Provide a verbatim copy of all the records below, leaving the images out.

━━━━━━

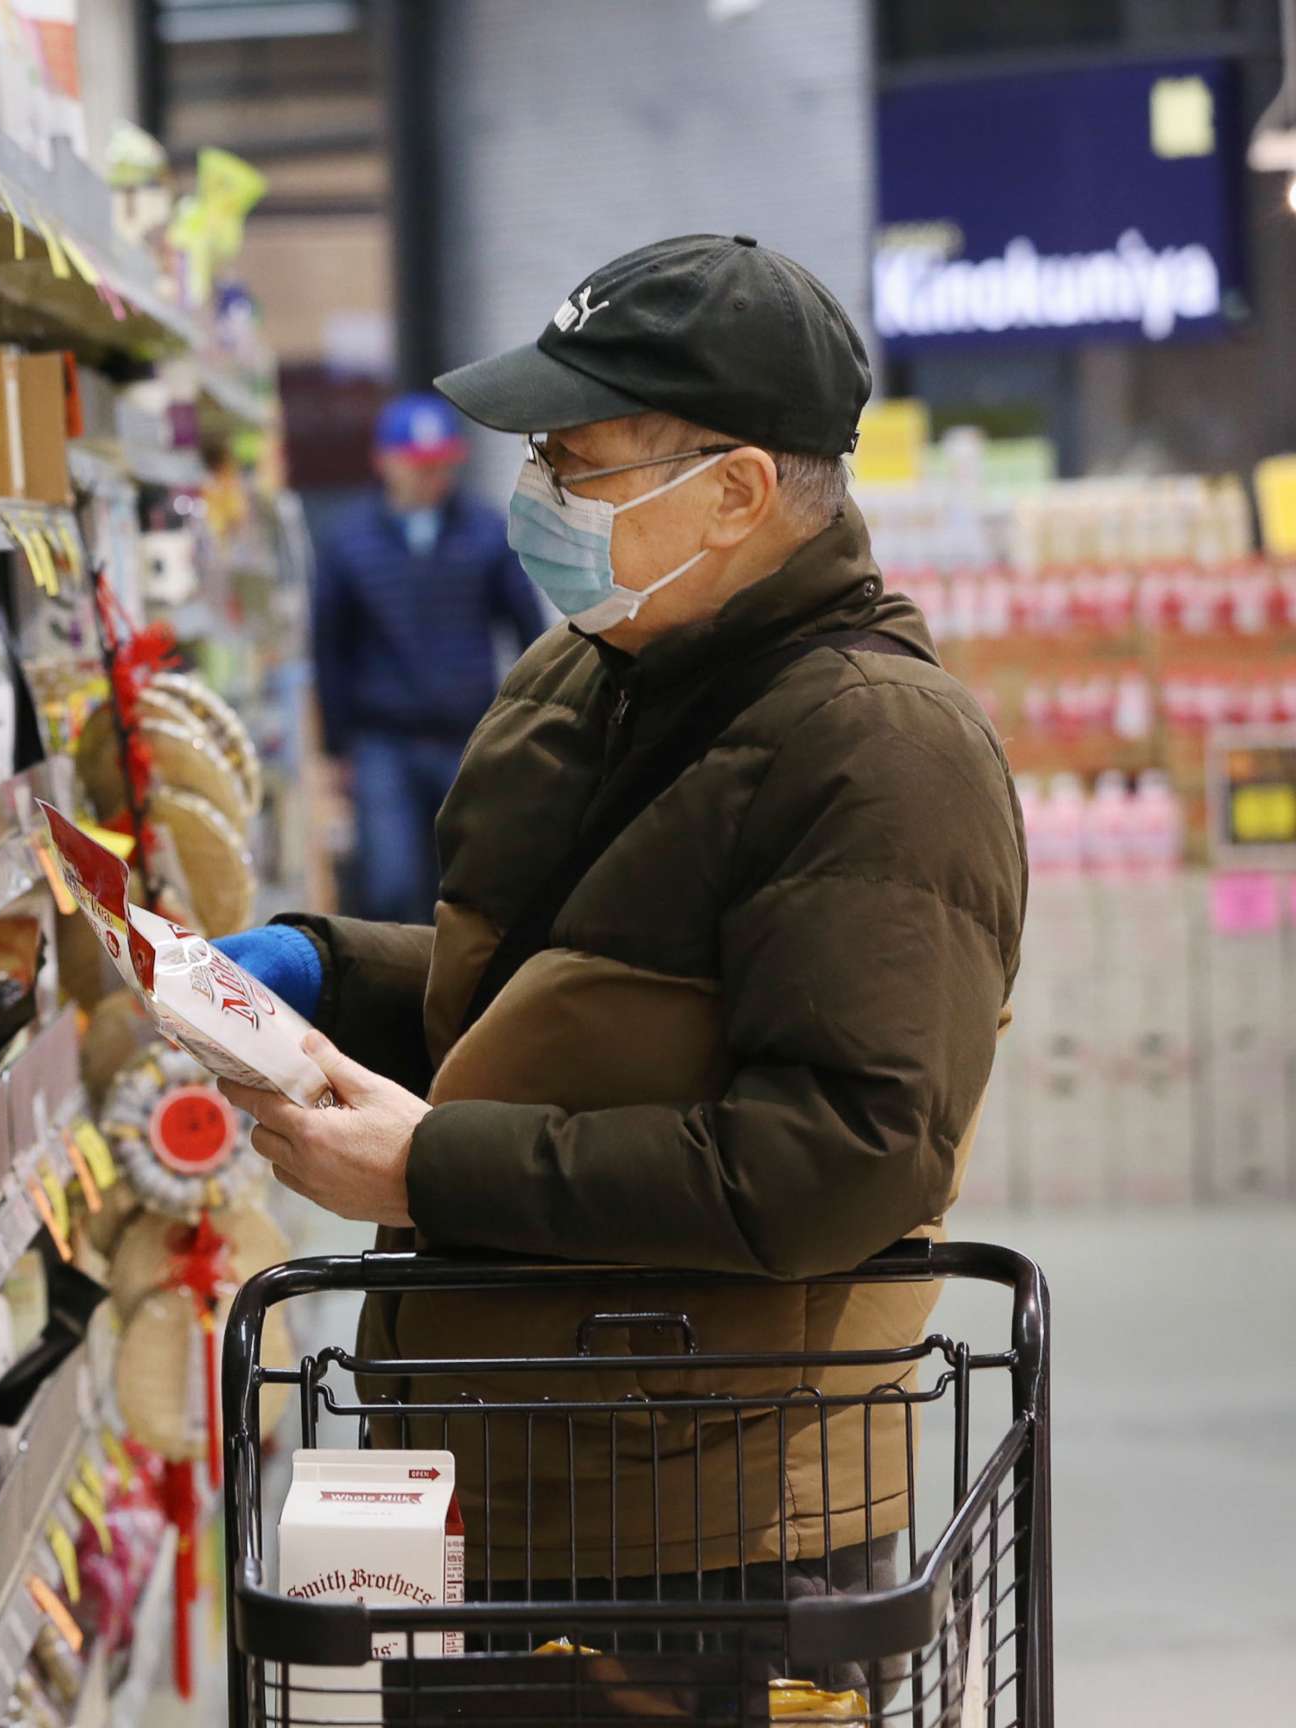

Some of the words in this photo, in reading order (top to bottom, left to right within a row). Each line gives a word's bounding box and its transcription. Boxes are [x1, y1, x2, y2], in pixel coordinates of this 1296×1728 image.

[411, 1470, 429, 1478] OPEN
[330, 1493, 378, 1502] Whole
[379, 1493, 412, 1503] Milk
[287, 1569, 347, 1600] Smith
[348, 1567, 436, 1605] Brothers
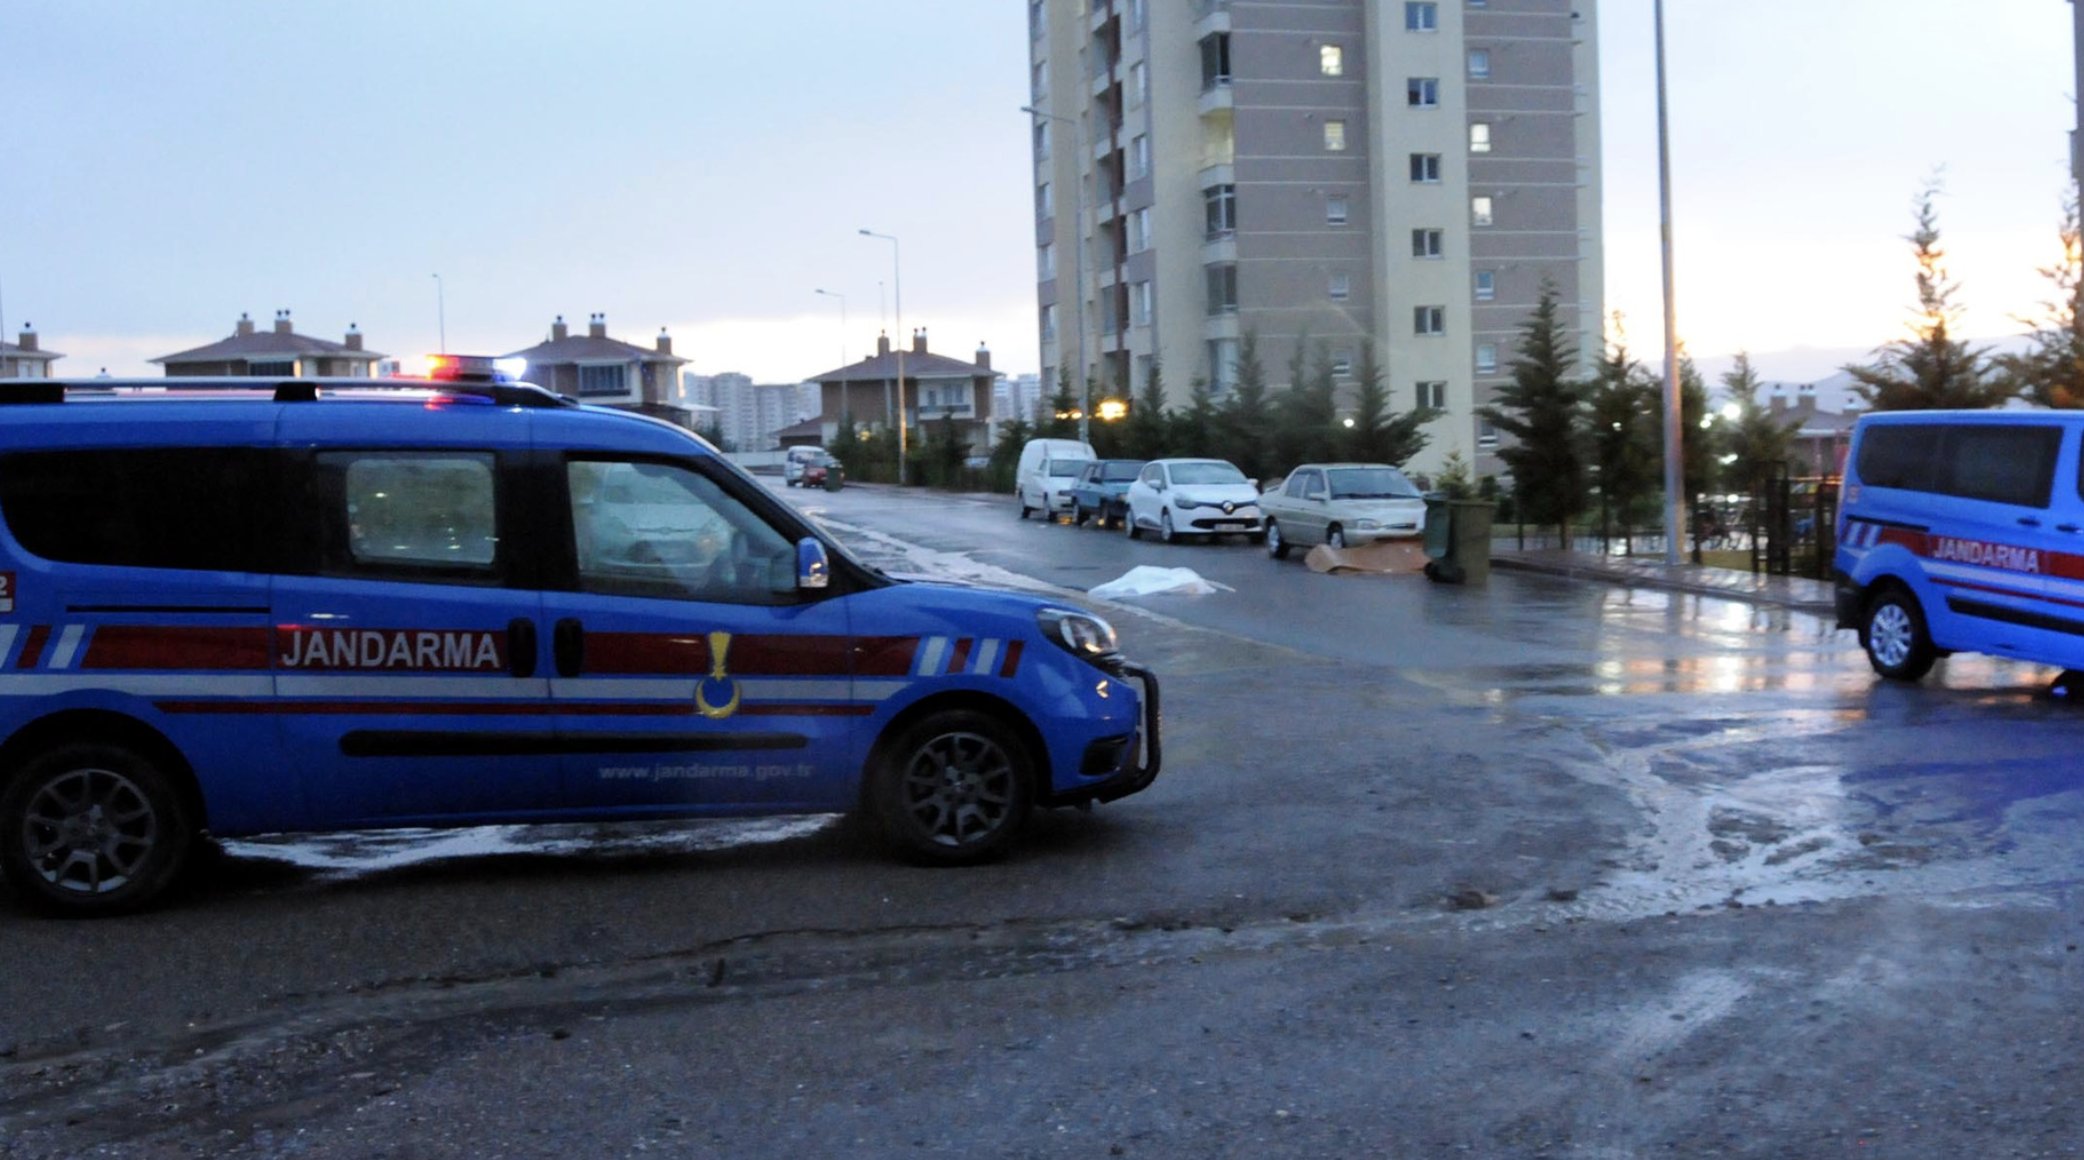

━━━━━━

WRITTEN ANSWER -
Some of the words in this photo, in reading order (top to bottom, left to right within a row). Each line gives a word's bounding box and its transcription. Boxes are [x1, y1, x2, y2], in pixel coordinates of this 1296×1728 image.

[411, 1470, 429, 1478] OPEN
[330, 1493, 378, 1502] Whole
[379, 1493, 412, 1503] Milk
[287, 1569, 347, 1600] Smith
[348, 1567, 436, 1605] Brothers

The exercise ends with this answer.